Input material:
"""

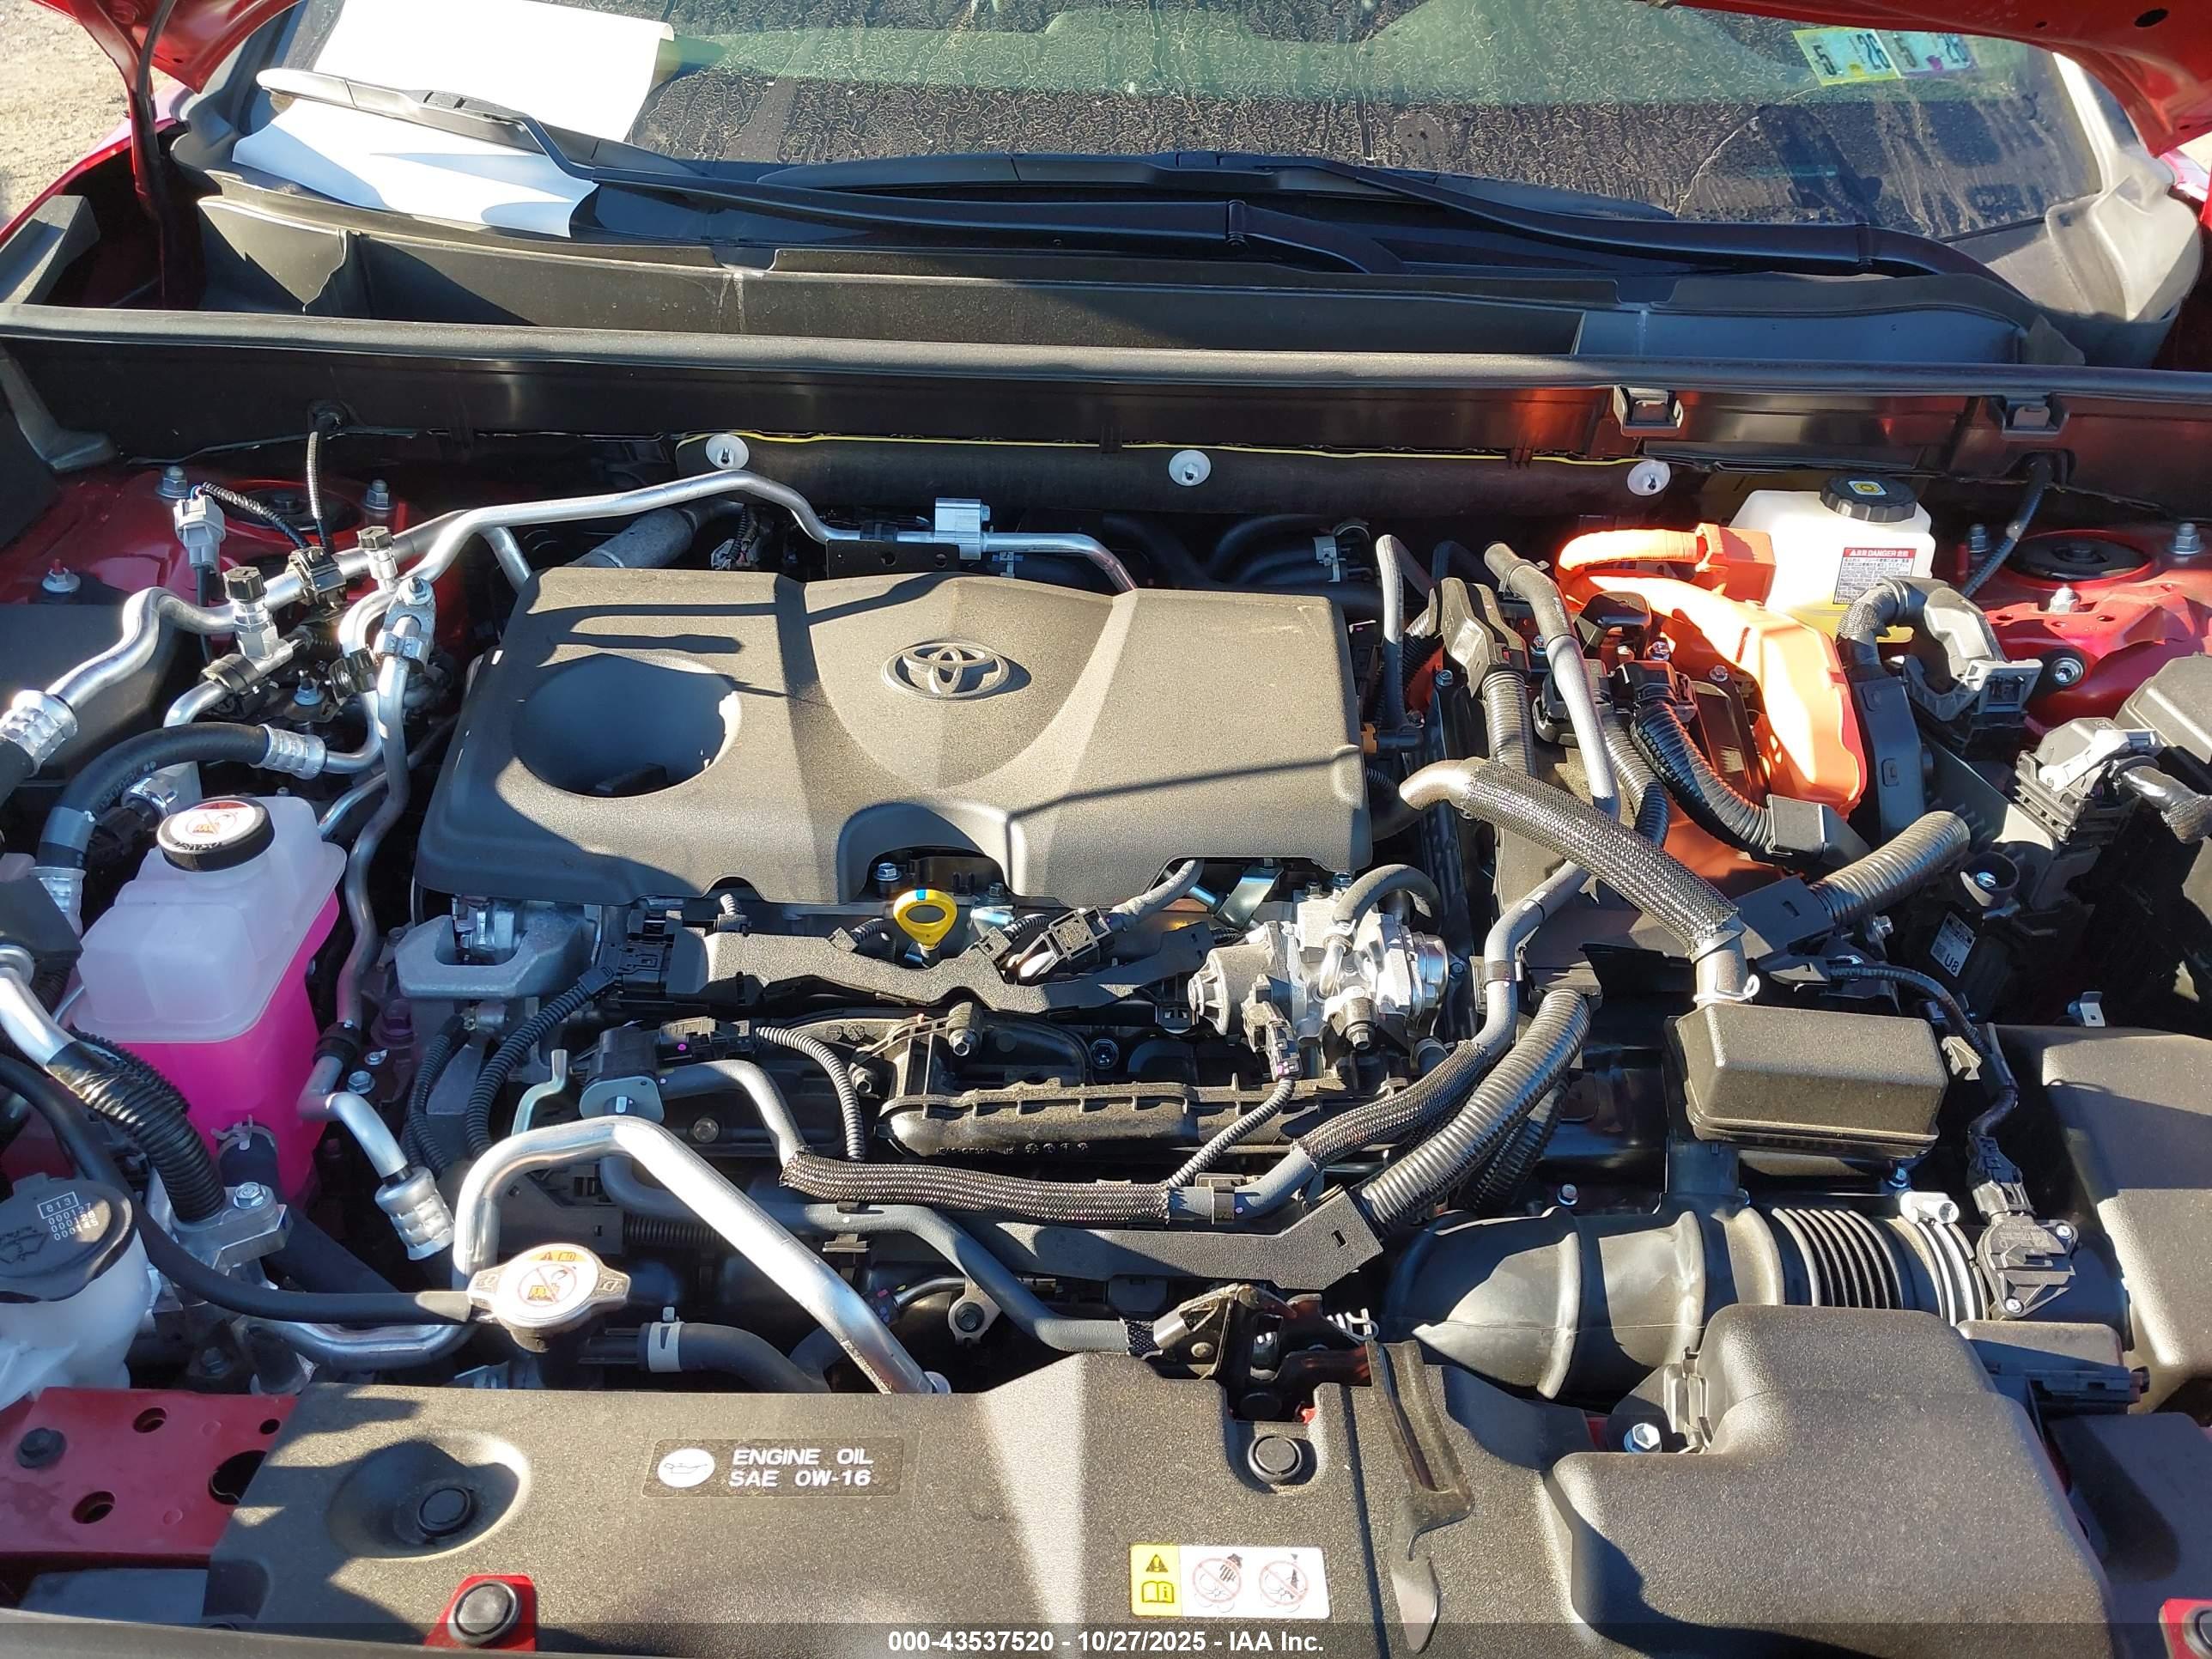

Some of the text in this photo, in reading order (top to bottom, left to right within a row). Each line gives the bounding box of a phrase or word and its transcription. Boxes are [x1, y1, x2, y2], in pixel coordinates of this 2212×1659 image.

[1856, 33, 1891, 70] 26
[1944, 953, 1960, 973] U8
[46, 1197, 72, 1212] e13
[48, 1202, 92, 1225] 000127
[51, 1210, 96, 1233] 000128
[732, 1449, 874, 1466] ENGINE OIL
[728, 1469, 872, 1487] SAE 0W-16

"""

Quote everything in the listing above exactly; pictures are the only thing to omit.

Expected answer:
Some of the text in this photo, in reading order (top to bottom, left to right within a row). Each line gives the bounding box of a phrase or word and its transcription. Boxes are [x1, y1, x2, y2], in pixel coordinates of this 2212×1659 image.

[1856, 33, 1891, 70] 26
[1944, 953, 1960, 973] U8
[46, 1197, 72, 1212] e13
[48, 1202, 92, 1225] 000127
[51, 1210, 96, 1233] 000128
[732, 1449, 874, 1466] ENGINE OIL
[728, 1469, 872, 1487] SAE 0W-16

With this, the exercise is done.